Records for processing:
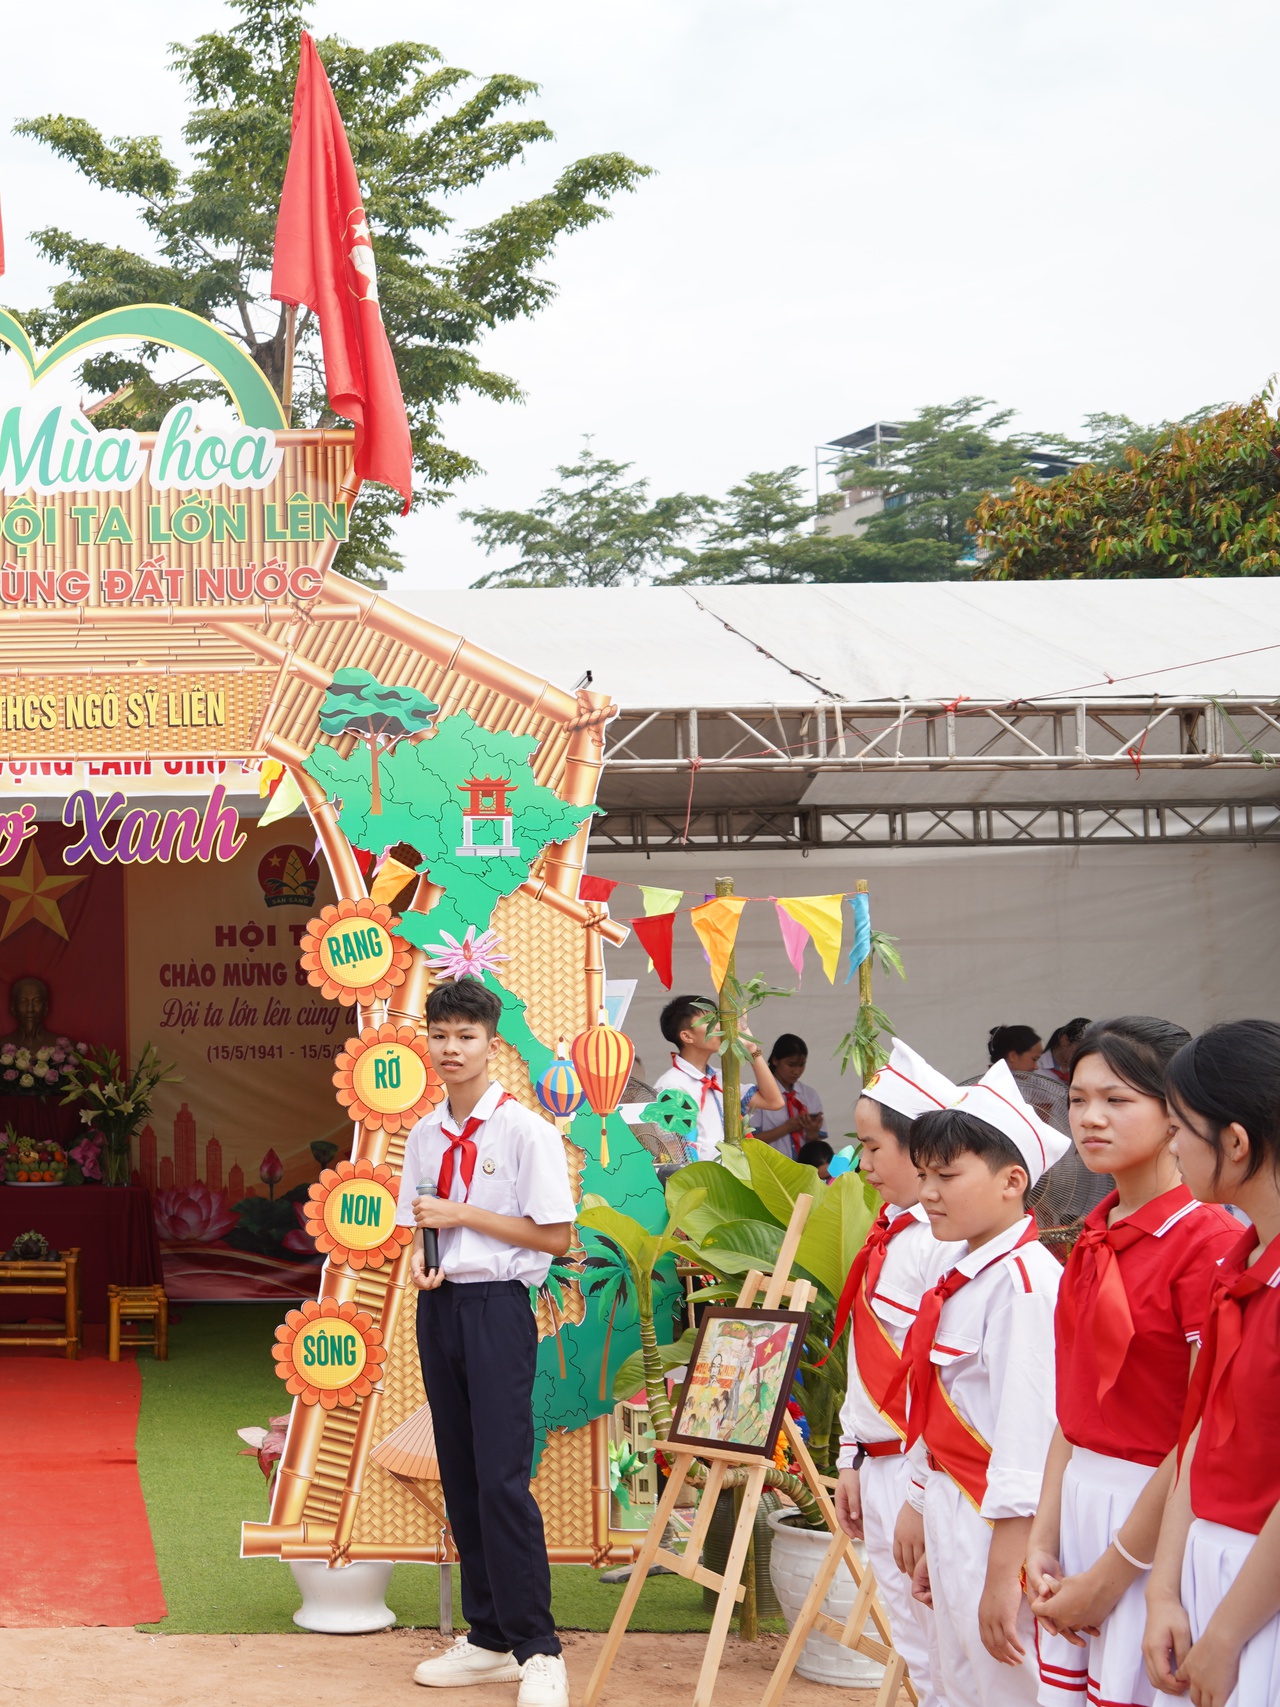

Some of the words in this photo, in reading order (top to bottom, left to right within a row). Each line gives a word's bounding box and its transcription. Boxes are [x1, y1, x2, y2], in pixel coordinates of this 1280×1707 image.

[158, 406, 274, 481] hoa
[72, 504, 134, 545] TA
[149, 492, 248, 543] LỚN
[263, 491, 348, 542] LÊN
[103, 555, 186, 603] ĐẤT
[198, 557, 324, 601] NƯỚC
[65, 685, 119, 730] NGÔ
[127, 685, 160, 728] SỸ
[168, 684, 225, 728] LIÊN
[62, 784, 248, 866] Xanh
[215, 920, 276, 953] HỘI
[327, 927, 383, 968] RẠNG
[159, 957, 216, 987] CHÀO
[223, 957, 288, 987] MỪNG
[159, 997, 200, 1035] Đội
[204, 1001, 224, 1026] ta
[228, 997, 258, 1026] lớn
[264, 996, 292, 1026] lên
[297, 999, 342, 1035] cùng
[207, 1044, 283, 1063] (15/5/1941
[374, 1050, 401, 1089] RỠ
[340, 1193, 382, 1227] NON
[303, 1330, 357, 1367] SÔNG
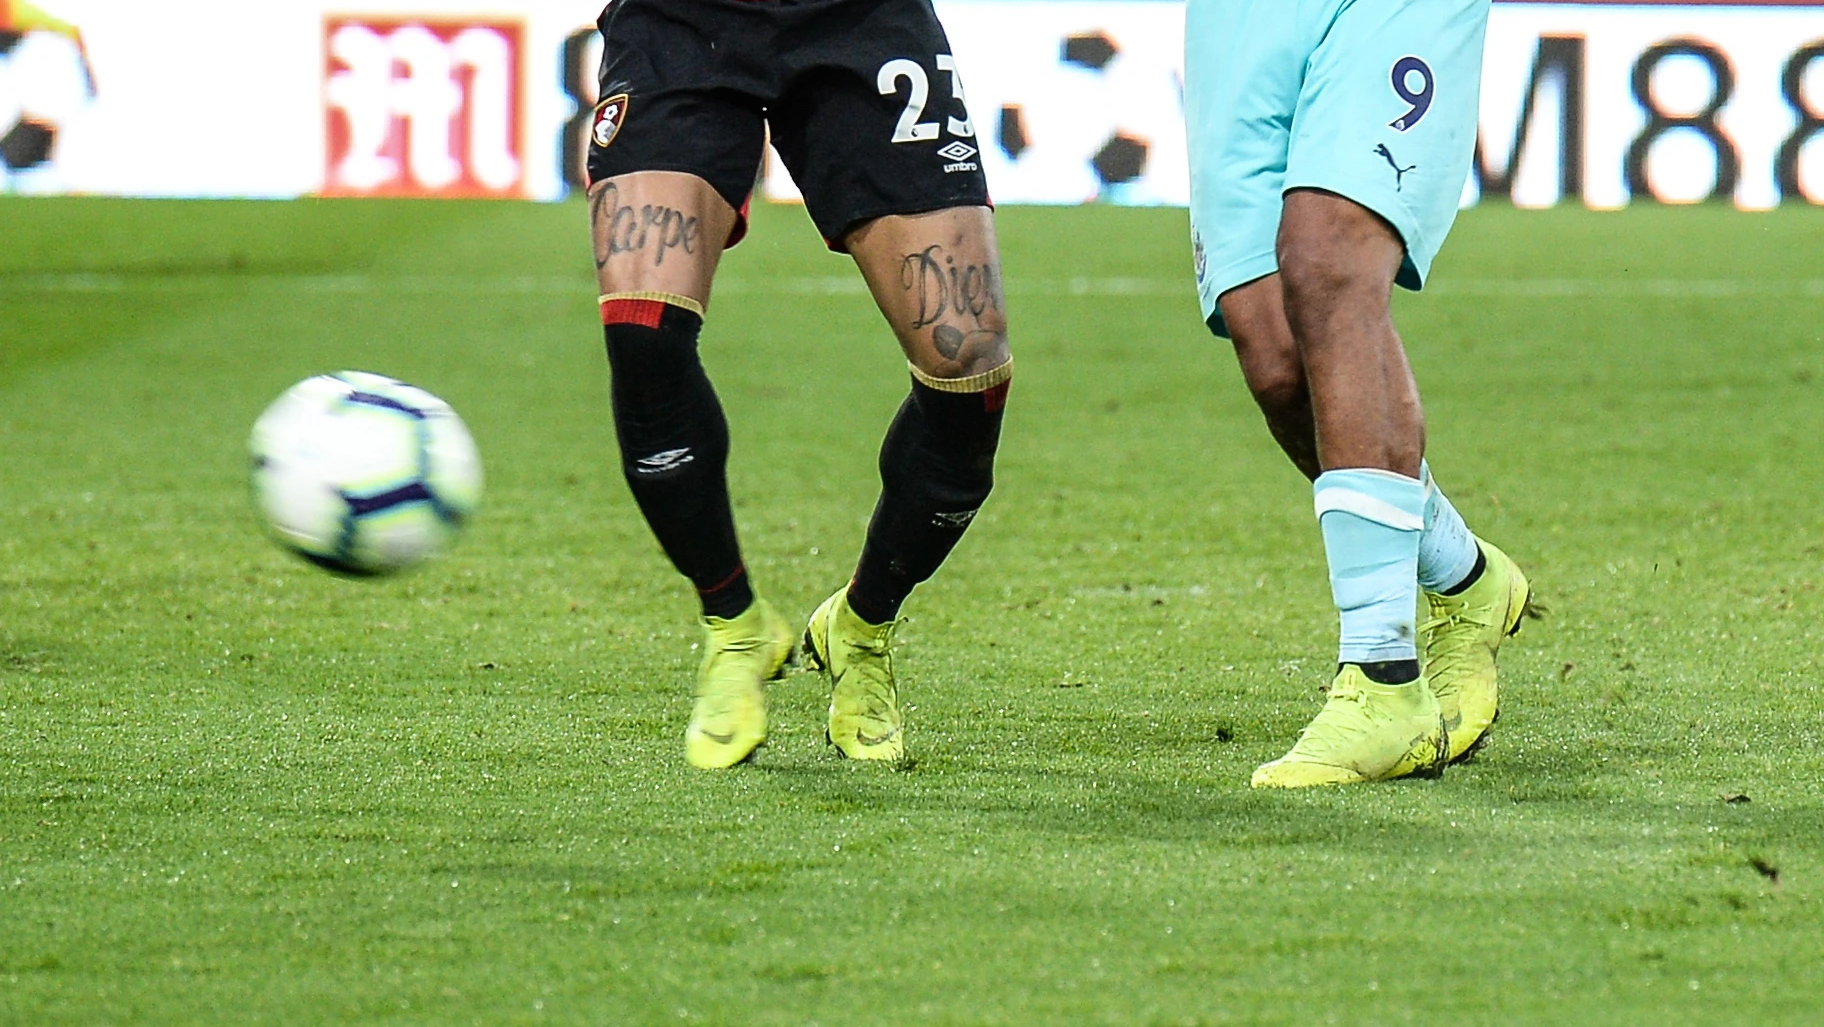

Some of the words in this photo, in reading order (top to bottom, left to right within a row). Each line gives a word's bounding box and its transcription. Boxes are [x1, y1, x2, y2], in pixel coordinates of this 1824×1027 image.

[877, 53, 975, 144] 23
[1384, 53, 1437, 135] 9
[943, 161, 978, 174] umbro
[588, 181, 701, 271] Carpe
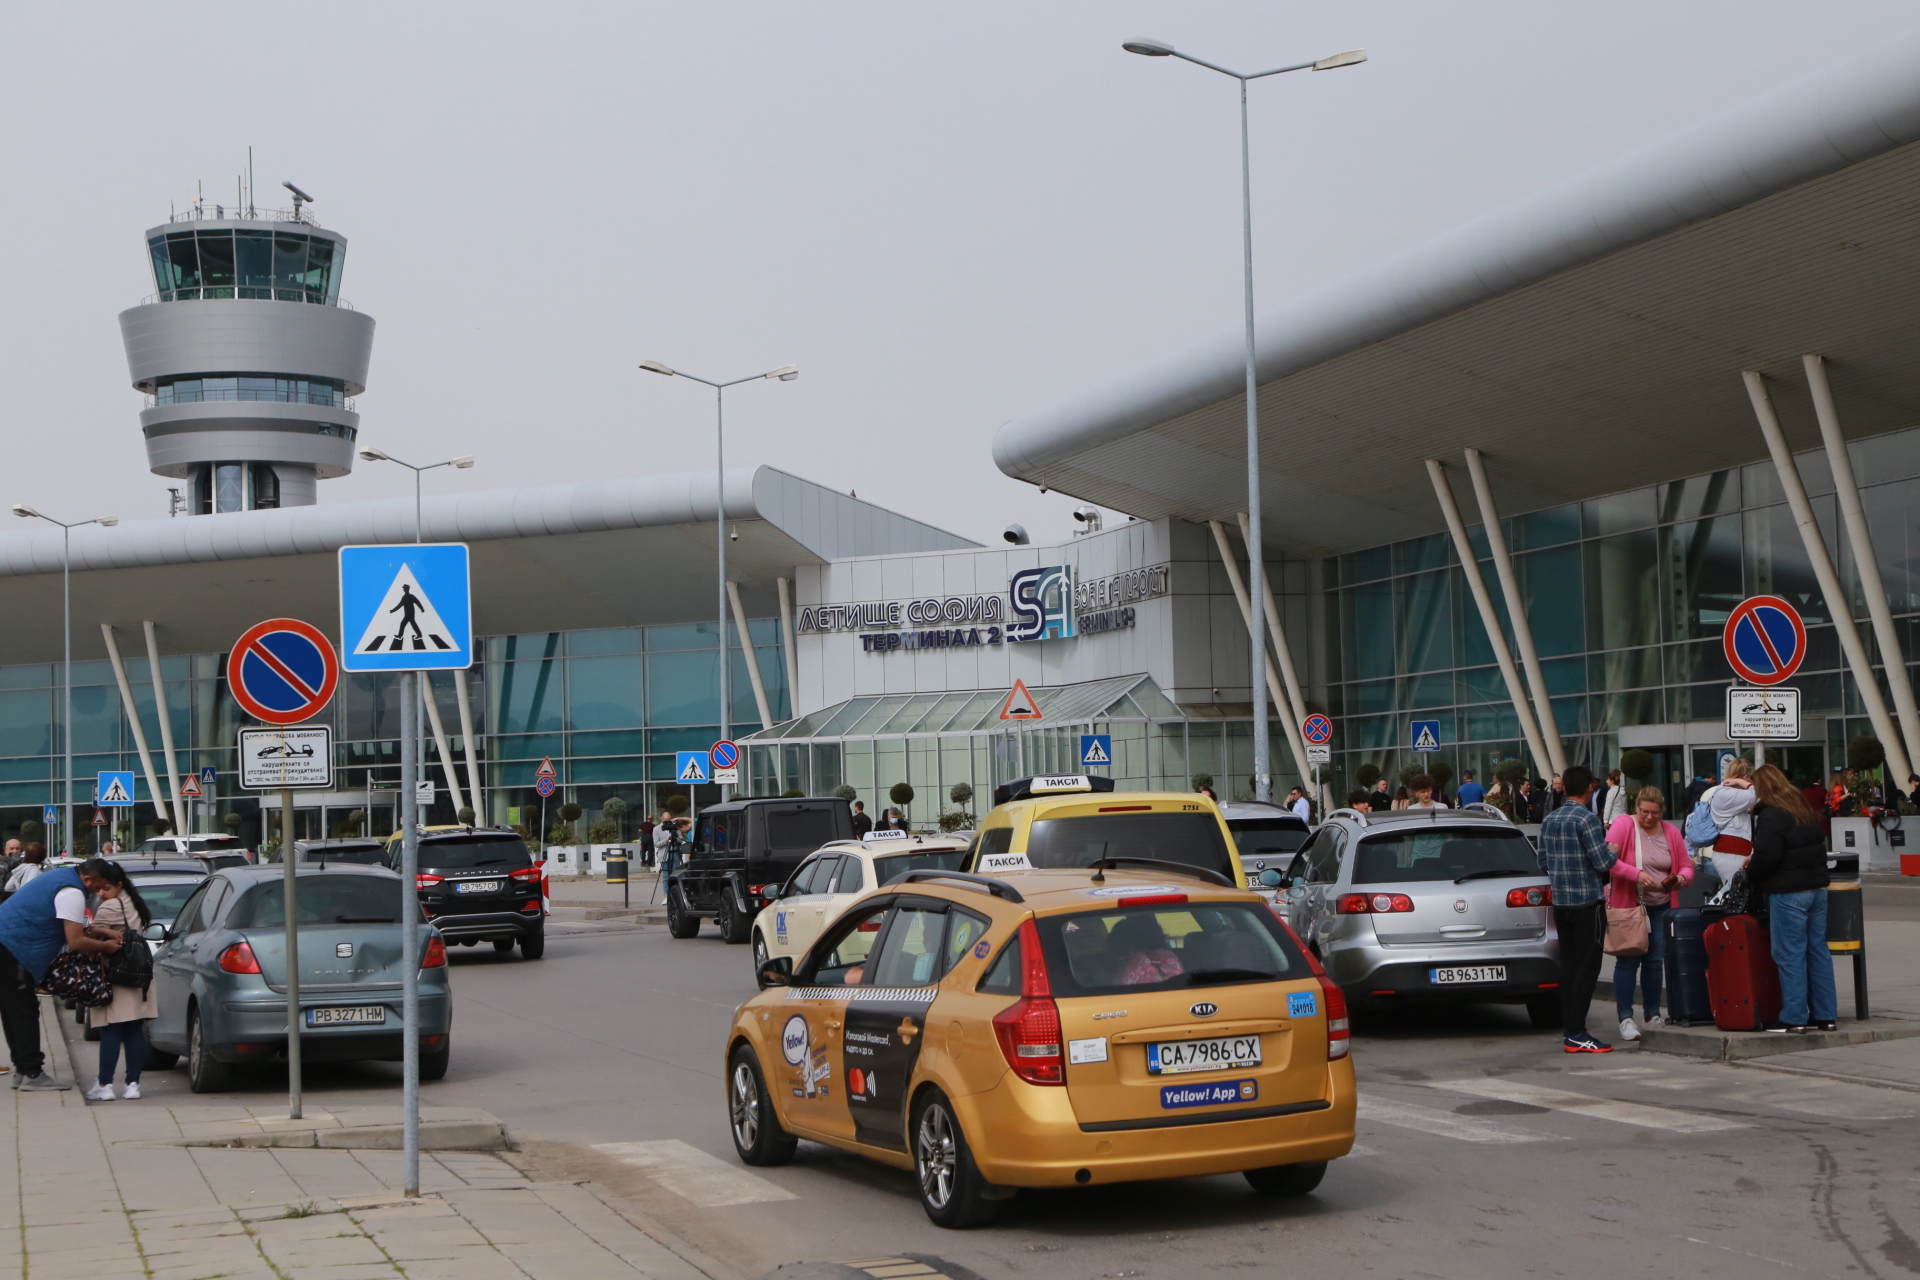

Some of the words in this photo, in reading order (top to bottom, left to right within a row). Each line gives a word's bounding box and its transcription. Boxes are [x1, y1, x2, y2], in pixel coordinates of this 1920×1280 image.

What to produce: No pictures go in the copy. Set down all the data exactly.

Solution for this task:
Some of the words in this photo, in reading order (top to bottom, left to right within a row). Each line gives a word's bounding box and its transcription. Boxes are [x1, y1, x2, y2], in pixel coordinates of this 1280×1707 image.

[158, 406, 274, 481] hoa
[72, 504, 134, 545] TA
[149, 492, 248, 543] LỚN
[263, 491, 348, 542] LÊN
[103, 555, 186, 603] ĐẤT
[198, 557, 324, 601] NƯỚC
[65, 685, 119, 730] NGÔ
[127, 685, 160, 728] SỸ
[168, 684, 225, 728] LIÊN
[62, 784, 248, 866] Xanh
[215, 920, 276, 953] HỘI
[327, 927, 383, 968] RẠNG
[159, 957, 216, 987] CHÀO
[223, 957, 288, 987] MỪNG
[159, 997, 200, 1035] Đội
[204, 1001, 224, 1026] ta
[228, 997, 258, 1026] lớn
[264, 996, 292, 1026] lên
[297, 999, 342, 1035] cùng
[207, 1044, 283, 1063] (15/5/1941
[374, 1050, 401, 1089] RỠ
[340, 1193, 382, 1227] NON
[303, 1330, 357, 1367] SÔNG

Some of the words in this photo, in reading order (top to bottom, left to right within a row). Each line gives a word's bounding box and its transcription. Boxes are [x1, y1, x2, y2], in pixel coordinates of this 1824×1027 image.

[877, 53, 975, 144] 23
[1384, 53, 1437, 135] 9
[943, 161, 978, 174] umbro
[588, 181, 701, 271] Carpe

Some of the words in this photo, in reading order (top to bottom, left to right within a row). Each line gives a word's bounding box and its transcription. Boxes are [x1, y1, x2, y2], in pixel coordinates of this 1920×1280 image.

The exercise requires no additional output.